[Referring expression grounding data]
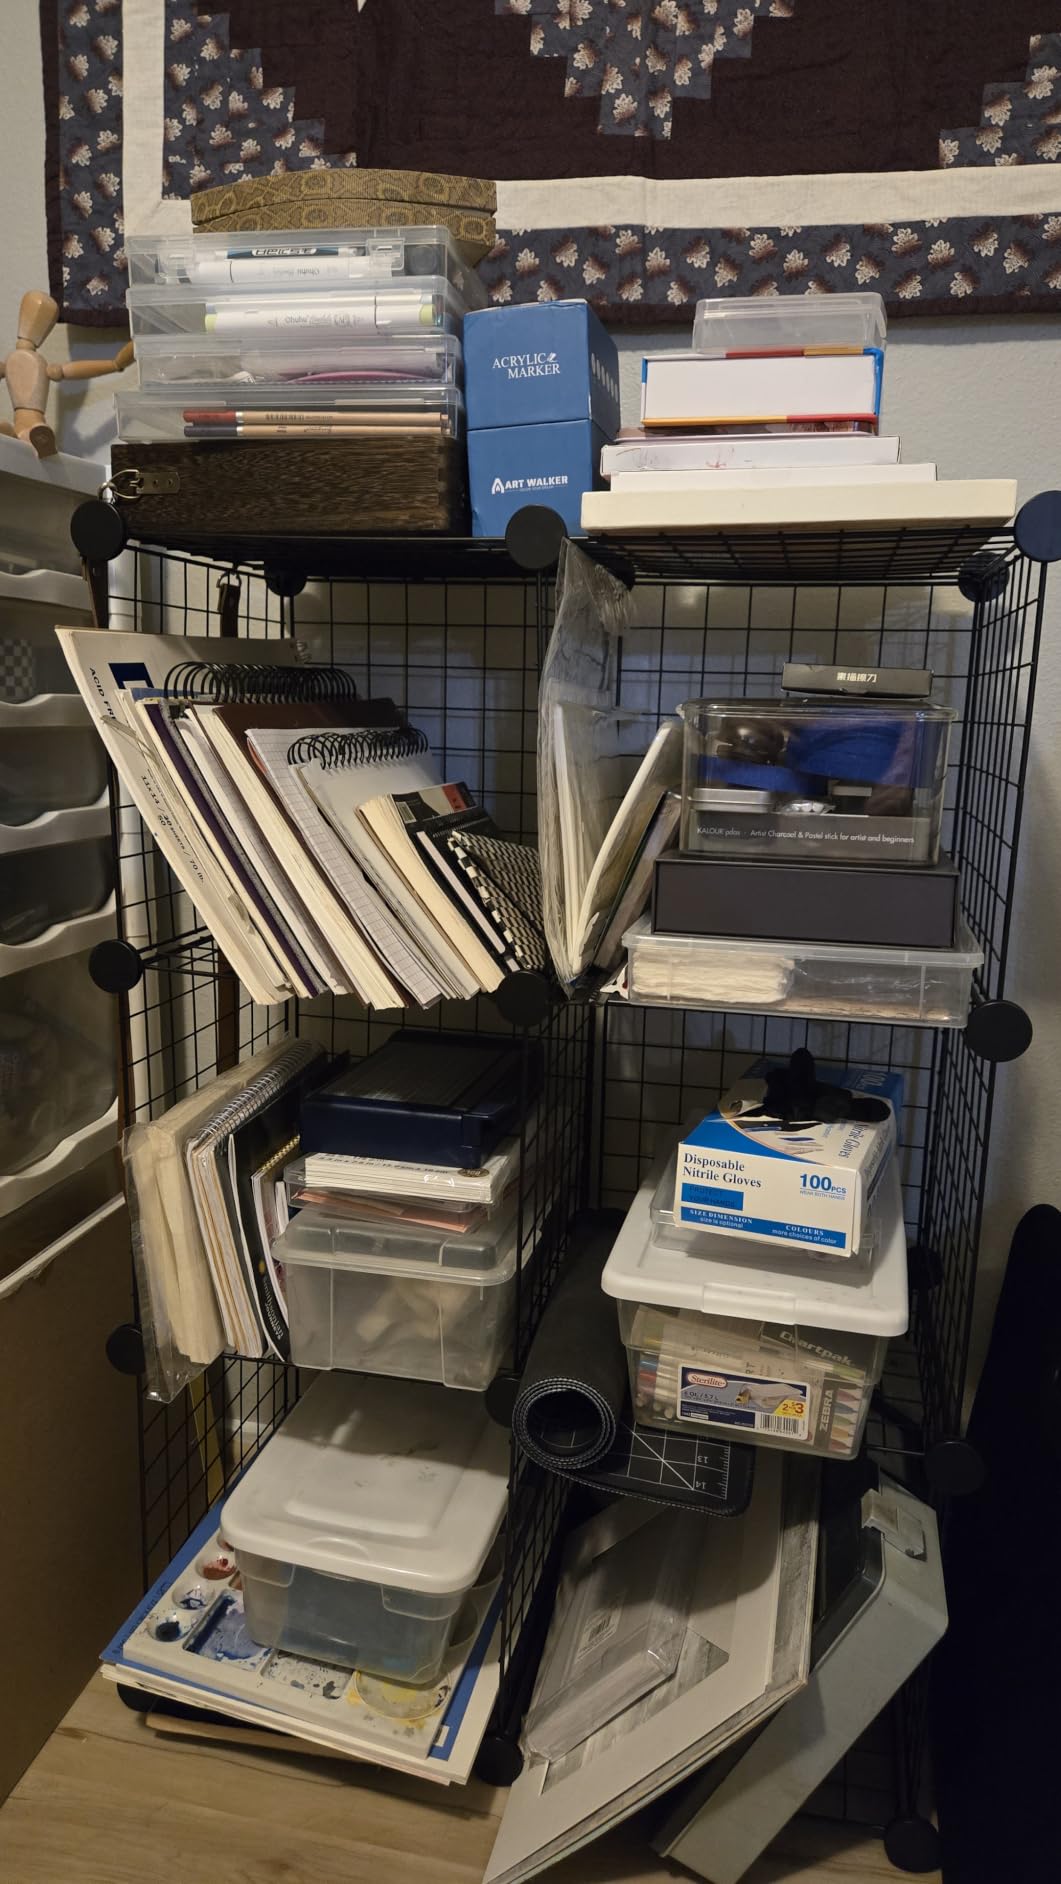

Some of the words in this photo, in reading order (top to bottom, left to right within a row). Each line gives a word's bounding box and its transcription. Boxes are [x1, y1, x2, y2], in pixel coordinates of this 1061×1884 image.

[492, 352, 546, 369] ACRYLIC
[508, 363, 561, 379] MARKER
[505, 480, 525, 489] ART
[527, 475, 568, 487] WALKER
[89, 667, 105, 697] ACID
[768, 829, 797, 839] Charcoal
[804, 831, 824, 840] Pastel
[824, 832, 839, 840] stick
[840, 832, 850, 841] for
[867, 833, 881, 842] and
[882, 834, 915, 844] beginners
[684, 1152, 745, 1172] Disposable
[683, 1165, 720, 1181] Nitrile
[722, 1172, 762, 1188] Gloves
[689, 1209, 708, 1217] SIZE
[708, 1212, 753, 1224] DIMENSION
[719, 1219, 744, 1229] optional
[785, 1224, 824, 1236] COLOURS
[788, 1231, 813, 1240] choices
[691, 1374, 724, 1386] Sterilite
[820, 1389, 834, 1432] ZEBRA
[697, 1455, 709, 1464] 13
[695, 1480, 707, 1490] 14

• Problem details:
Type out the entries again without a single change, and leave the pictures out.

• Solution below:
Some of the words in this photo, in reading order (top to bottom, left to right within a row). Each line gives a word's bounding box and its transcription. Boxes are [x1, y1, x2, y2], in pixel coordinates of this 1061×1884 image.

[492, 352, 546, 369] ACRYLIC
[508, 363, 561, 379] MARKER
[505, 480, 525, 489] ART
[527, 475, 568, 487] WALKER
[89, 667, 105, 697] ACID
[768, 829, 797, 839] Charcoal
[804, 831, 824, 840] Pastel
[824, 832, 839, 840] stick
[840, 832, 850, 841] for
[867, 833, 881, 842] and
[882, 834, 915, 844] beginners
[684, 1152, 745, 1172] Disposable
[683, 1165, 720, 1181] Nitrile
[722, 1172, 762, 1188] Gloves
[689, 1209, 708, 1217] SIZE
[708, 1212, 753, 1224] DIMENSION
[719, 1219, 744, 1229] optional
[785, 1224, 824, 1236] COLOURS
[788, 1231, 813, 1240] choices
[691, 1374, 724, 1386] Sterilite
[820, 1389, 834, 1432] ZEBRA
[697, 1455, 709, 1464] 13
[695, 1480, 707, 1490] 14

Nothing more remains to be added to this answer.